_WHAT TO WORK ON_. Pictures stay out; everything else in the records gets transcribed exactly.

_GIVEN DATA_.

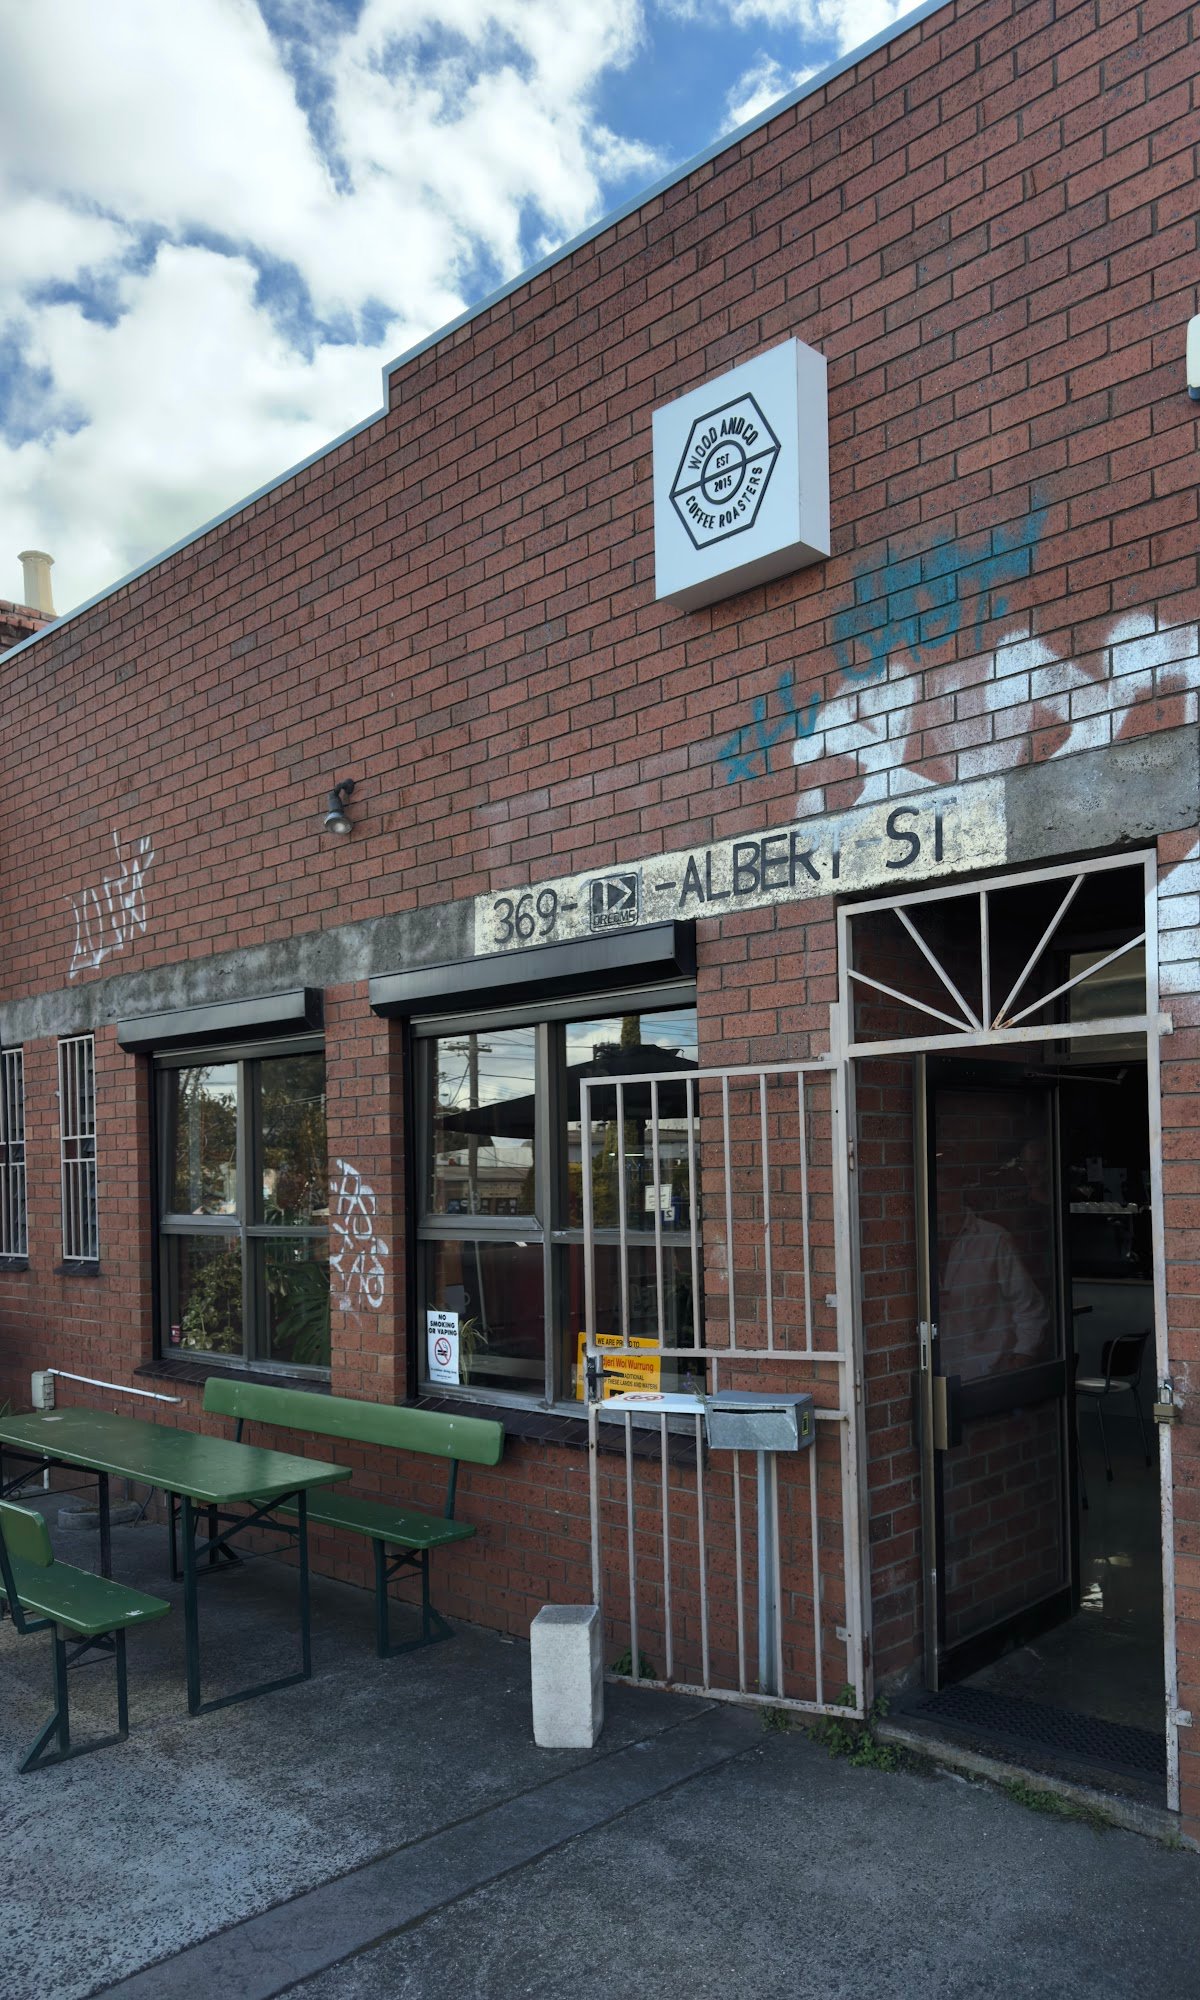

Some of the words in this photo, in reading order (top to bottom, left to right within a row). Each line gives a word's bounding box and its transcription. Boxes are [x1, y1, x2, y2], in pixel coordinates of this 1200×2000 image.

[688, 427, 718, 469] WOOD
[716, 452, 730, 468] EST
[714, 474, 732, 493] 2015
[685, 495, 716, 529] COFFEE
[719, 467, 763, 528] ROASTERS
[430, 1320, 455, 1329] SMOKING
[437, 1328, 458, 1337] VAPING
[633, 1341, 640, 1349] TO
[627, 1360, 654, 1374] Wurrung
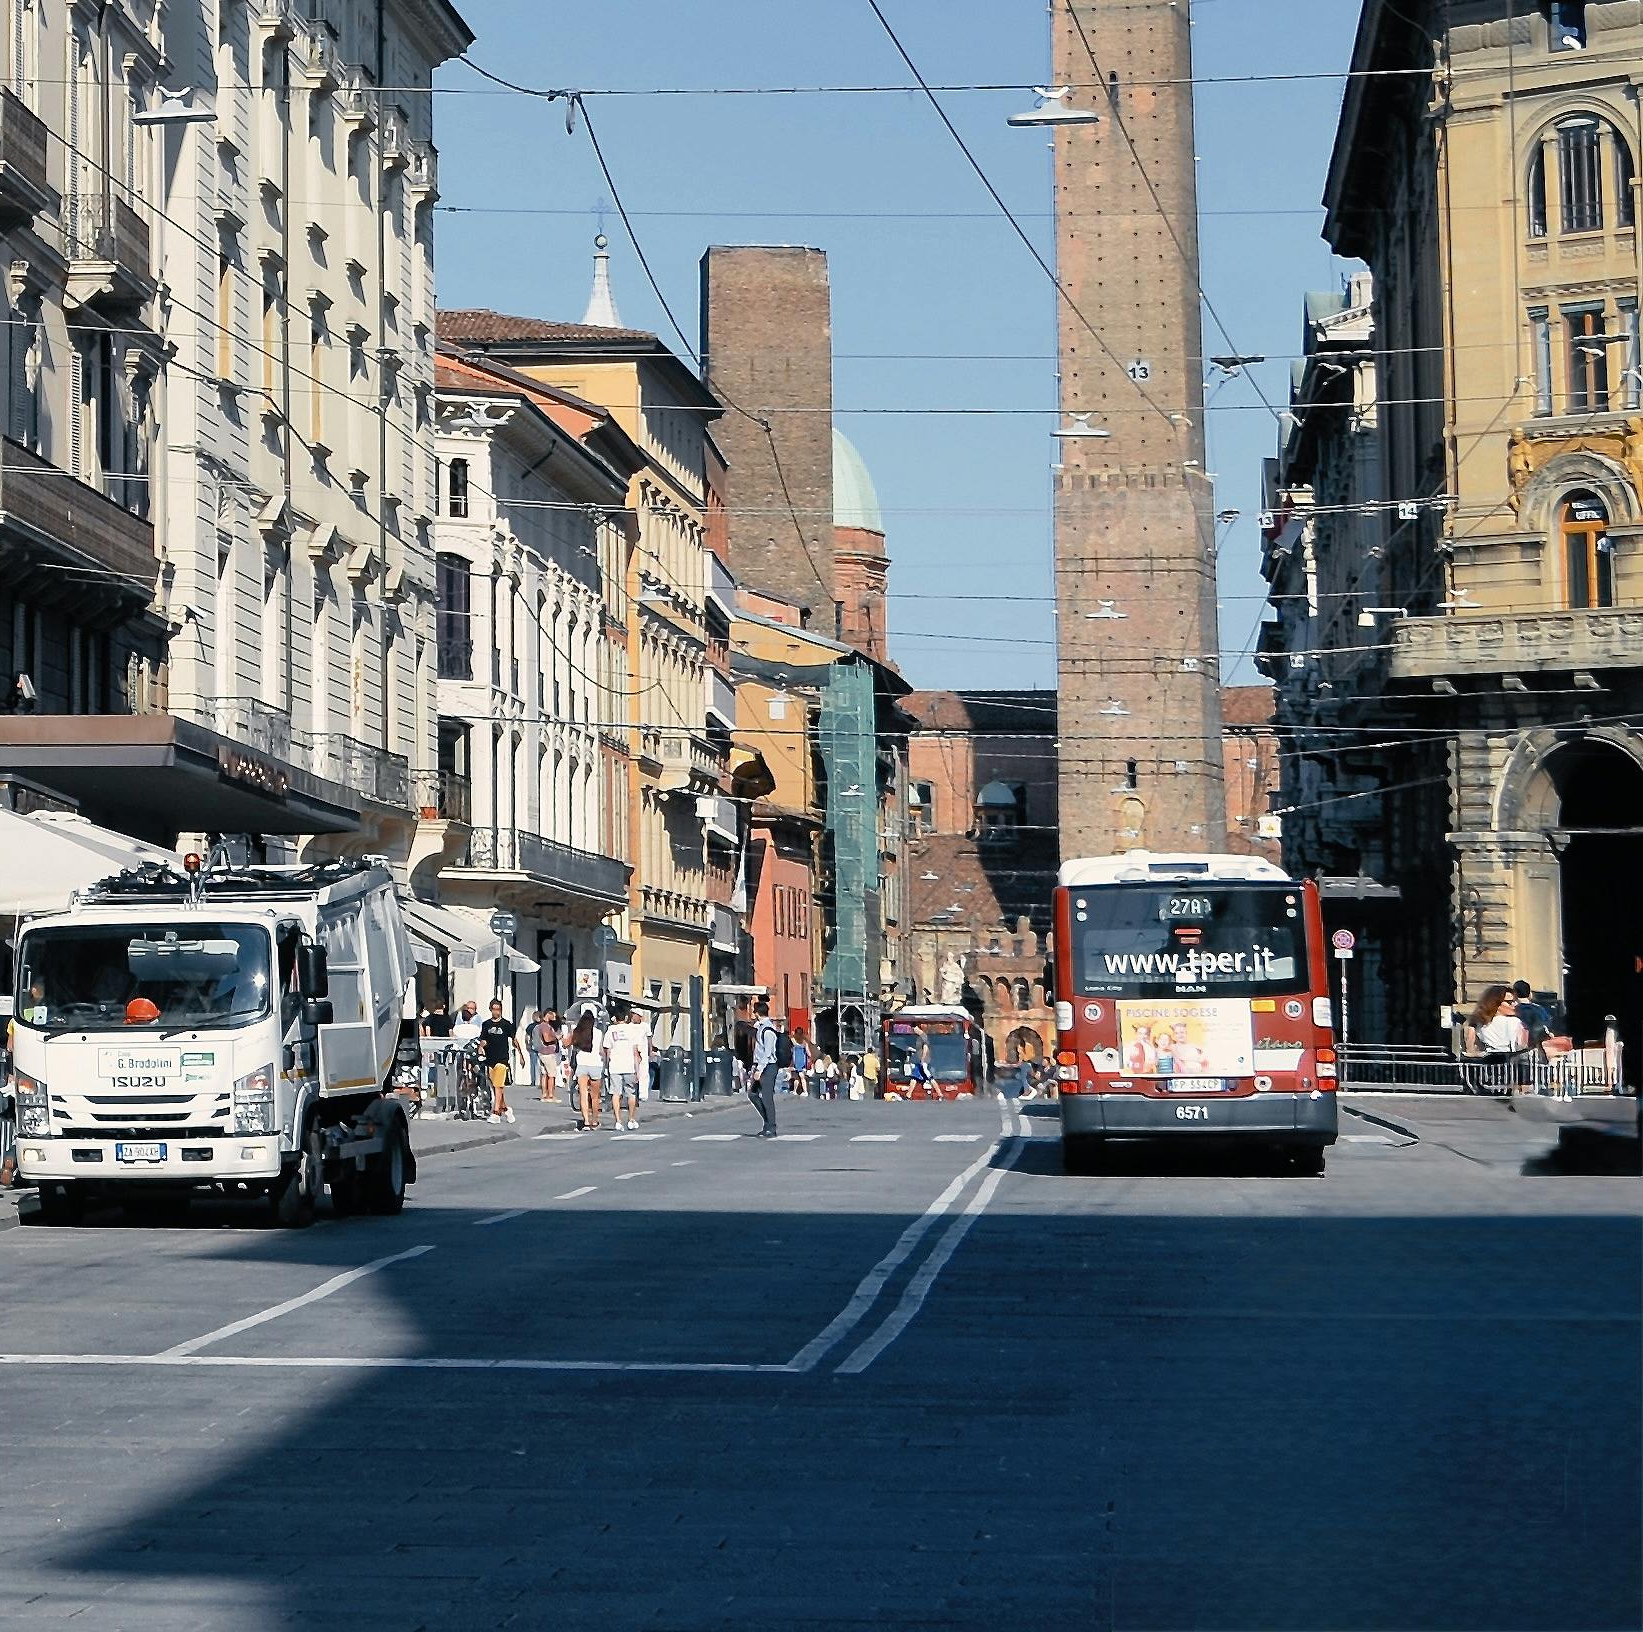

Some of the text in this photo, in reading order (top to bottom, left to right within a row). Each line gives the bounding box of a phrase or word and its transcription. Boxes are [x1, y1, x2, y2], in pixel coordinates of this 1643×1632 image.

[1104, 944, 1275, 981] www.tper.it
[1125, 1007, 1218, 1018] PISCINE SOGESE
[112, 1076, 166, 1088] ISUZU
[1176, 1106, 1209, 1120] 6571
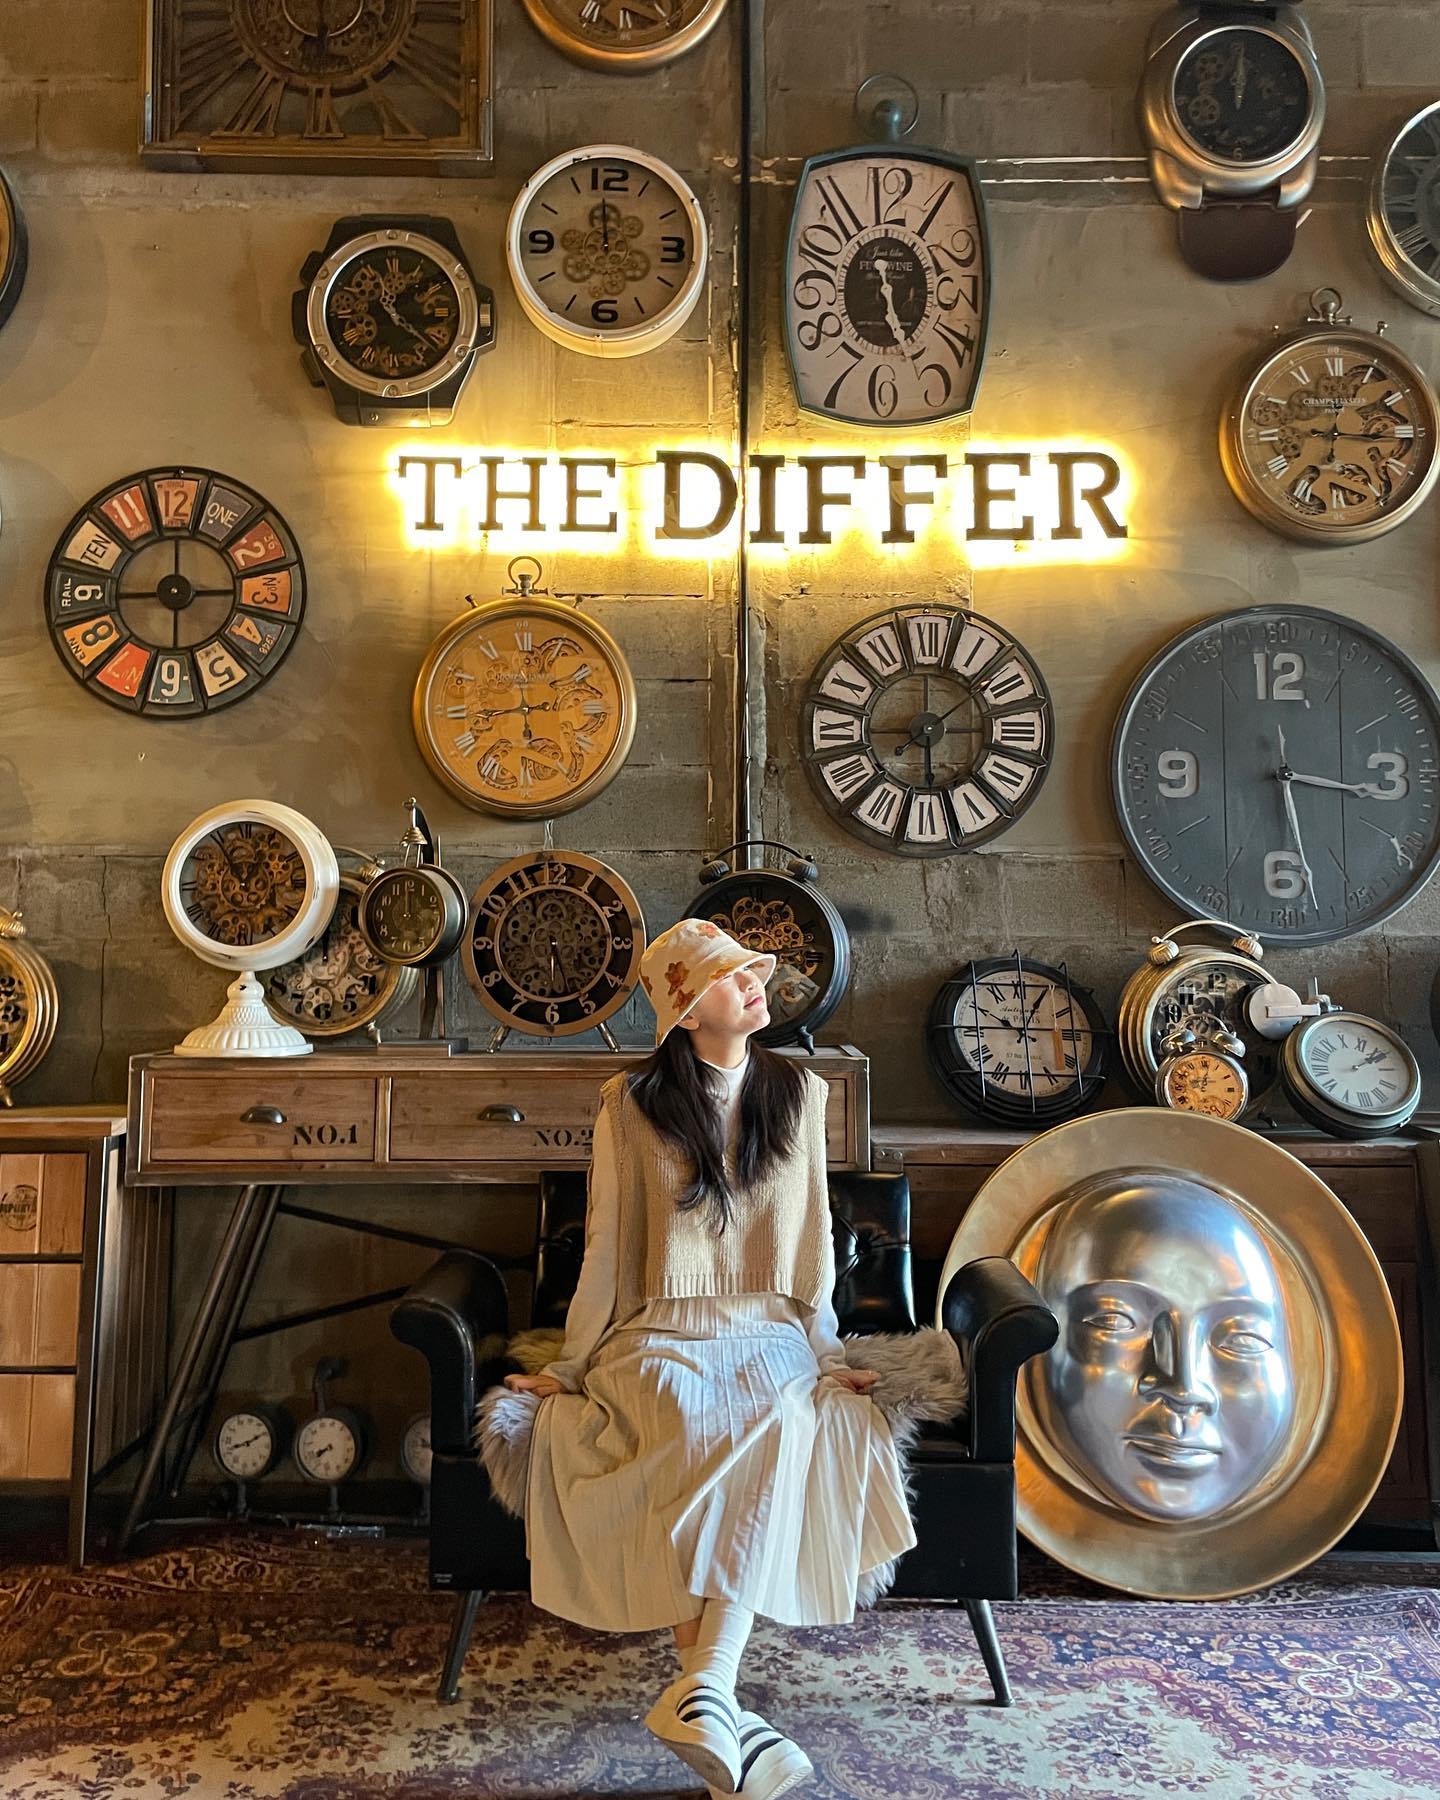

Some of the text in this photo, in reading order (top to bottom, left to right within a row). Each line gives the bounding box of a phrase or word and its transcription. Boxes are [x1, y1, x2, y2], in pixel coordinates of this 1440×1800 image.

[591, 168, 629, 192] 12
[866, 167, 913, 227] 12
[815, 175, 868, 246] 11
[912, 180, 955, 241] 1
[528, 230, 554, 254] 9
[660, 236, 686, 263] 3
[799, 224, 842, 277] 10
[927, 229, 976, 278] 2
[886, 261, 913, 271] WINE
[794, 270, 837, 310] 9
[937, 275, 978, 314] 3
[591, 300, 619, 323] 6
[797, 312, 842, 351] 8
[932, 314, 976, 369] 4
[824, 341, 864, 409] 7
[911, 347, 952, 407] 5
[868, 364, 898, 418] 6
[1394, 425, 1414, 438] III
[164, 490, 189, 518] 12
[398, 449, 1129, 544] THE DIFFER
[112, 493, 144, 529] 11
[207, 501, 239, 529] ONE
[80, 534, 112, 565] TEN
[234, 541, 266, 567] 2
[61, 578, 72, 607] RAIL
[74, 584, 104, 601] 9
[251, 591, 279, 606] 3
[81, 620, 114, 647] 8
[230, 617, 263, 646] 4
[916, 622, 941, 658] XII
[1265, 622, 1290, 643] 60
[69, 637, 86, 661] ENN
[866, 634, 899, 672] XI
[963, 636, 985, 668] I
[107, 651, 130, 679] 7
[208, 656, 235, 687] 5
[1253, 652, 1305, 701] 12
[831, 672, 866, 700] X
[989, 672, 1026, 699] II
[819, 719, 854, 741] IX
[1001, 721, 1035, 742] III
[830, 757, 871, 794] VIII
[989, 760, 1025, 794] IV
[1158, 750, 1198, 798] 9
[1367, 752, 1408, 800] 3
[868, 788, 898, 825] VII
[918, 801, 936, 836] VI
[962, 792, 986, 825] V
[505, 871, 535, 897] 11
[543, 863, 568, 887] 12
[580, 873, 597, 894] 1
[1264, 850, 1306, 899] 6
[381, 896, 391, 907] 10
[392, 884, 400, 896] 11
[421, 884, 425, 897] 1
[429, 895, 437, 908] 2
[1349, 886, 1375, 913] 25
[376, 909, 384, 920] 9
[481, 894, 507, 919] 10
[602, 900, 624, 919] 2
[380, 924, 388, 937] 8
[1275, 909, 1300, 929] 30
[391, 936, 398, 948] 7
[402, 940, 411, 952] 6
[473, 936, 495, 951] 9
[611, 936, 633, 951] 3
[482, 971, 502, 988] 8
[603, 971, 625, 989] 4
[1012, 980, 1027, 999] XII
[343, 993, 357, 1013] 5
[510, 994, 529, 1015] 7
[579, 993, 597, 1015] 5
[987, 984, 1006, 1004] XI
[313, 1003, 331, 1020] 6
[545, 1003, 560, 1025] 6
[1321, 1037, 1337, 1053] IX
[1337, 1034, 1348, 1049] X
[1354, 1036, 1367, 1053] XI
[1311, 1064, 1329, 1077] VII
[1321, 1079, 1338, 1093] VI
[1342, 1089, 1349, 1103] V
[1371, 1087, 1389, 1104] III
[1379, 1079, 1397, 1091] II
[1356, 1091, 1373, 1107] IIII
[293, 1125, 359, 1146] NO.1
[533, 1128, 595, 1148] NO.2

_EXERCISE RESPONSE_.
Some of the words in this photo, in reading order (top to bottom, left to right within a row). Each line gives a word's bounding box and its transcription. Boxes are [x1, y1, x2, y2], in pixel coordinates of this 1200×2000 image.

[688, 427, 718, 469] WOOD
[716, 452, 730, 468] EST
[714, 474, 732, 493] 2015
[685, 495, 716, 529] COFFEE
[719, 467, 763, 528] ROASTERS
[430, 1320, 455, 1329] SMOKING
[437, 1328, 458, 1337] VAPING
[633, 1341, 640, 1349] TO
[627, 1360, 654, 1374] Wurrung

Some of the text in this photo, in reading order (top to bottom, left to right within a row). Each line gives the bounding box of a phrase or word and its transcription. Boxes are [x1, y1, x2, y2], in pixel coordinates of this 1643×1632 image.

[1104, 944, 1275, 981] www.tper.it
[1125, 1007, 1218, 1018] PISCINE SOGESE
[112, 1076, 166, 1088] ISUZU
[1176, 1106, 1209, 1120] 6571

Some of the text in this photo, in reading order (top to bottom, left to right within a row). Each line gives the bounding box of a phrase or word and its transcription. Boxes are [x1, y1, x2, y2], in pixel coordinates of this 1440×1800 image.

[591, 168, 629, 192] 12
[866, 167, 913, 227] 12
[815, 175, 868, 246] 11
[912, 180, 955, 241] 1
[528, 230, 554, 254] 9
[660, 236, 686, 263] 3
[799, 224, 842, 277] 10
[927, 229, 976, 278] 2
[886, 261, 913, 271] WINE
[794, 270, 837, 310] 9
[937, 275, 978, 314] 3
[591, 300, 619, 323] 6
[797, 312, 842, 351] 8
[932, 314, 976, 369] 4
[824, 341, 864, 409] 7
[911, 347, 952, 407] 5
[868, 364, 898, 418] 6
[1394, 425, 1414, 438] III
[164, 490, 189, 518] 12
[398, 449, 1129, 544] THE DIFFER
[112, 493, 144, 529] 11
[207, 501, 239, 529] ONE
[80, 534, 112, 565] TEN
[234, 541, 266, 567] 2
[61, 578, 72, 607] RAIL
[74, 584, 104, 601] 9
[251, 591, 279, 606] 3
[81, 620, 114, 647] 8
[230, 617, 263, 646] 4
[916, 622, 941, 658] XII
[1265, 622, 1290, 643] 60
[69, 637, 86, 661] ENN
[866, 634, 899, 672] XI
[963, 636, 985, 668] I
[107, 651, 130, 679] 7
[208, 656, 235, 687] 5
[1253, 652, 1305, 701] 12
[831, 672, 866, 700] X
[989, 672, 1026, 699] II
[819, 719, 854, 741] IX
[1001, 721, 1035, 742] III
[830, 757, 871, 794] VIII
[989, 760, 1025, 794] IV
[1158, 750, 1198, 798] 9
[1367, 752, 1408, 800] 3
[868, 788, 898, 825] VII
[918, 801, 936, 836] VI
[962, 792, 986, 825] V
[505, 871, 535, 897] 11
[543, 863, 568, 887] 12
[580, 873, 597, 894] 1
[1264, 850, 1306, 899] 6
[381, 896, 391, 907] 10
[392, 884, 400, 896] 11
[421, 884, 425, 897] 1
[429, 895, 437, 908] 2
[1349, 886, 1375, 913] 25
[376, 909, 384, 920] 9
[481, 894, 507, 919] 10
[602, 900, 624, 919] 2
[380, 924, 388, 937] 8
[1275, 909, 1300, 929] 30
[391, 936, 398, 948] 7
[402, 940, 411, 952] 6
[473, 936, 495, 951] 9
[611, 936, 633, 951] 3
[482, 971, 502, 988] 8
[603, 971, 625, 989] 4
[1012, 980, 1027, 999] XII
[343, 993, 357, 1013] 5
[510, 994, 529, 1015] 7
[579, 993, 597, 1015] 5
[987, 984, 1006, 1004] XI
[313, 1003, 331, 1020] 6
[545, 1003, 560, 1025] 6
[1321, 1037, 1337, 1053] IX
[1337, 1034, 1348, 1049] X
[1354, 1036, 1367, 1053] XI
[1311, 1064, 1329, 1077] VII
[1321, 1079, 1338, 1093] VI
[1342, 1089, 1349, 1103] V
[1371, 1087, 1389, 1104] III
[1379, 1079, 1397, 1091] II
[1356, 1091, 1373, 1107] IIII
[293, 1125, 359, 1146] NO.1
[533, 1128, 595, 1148] NO.2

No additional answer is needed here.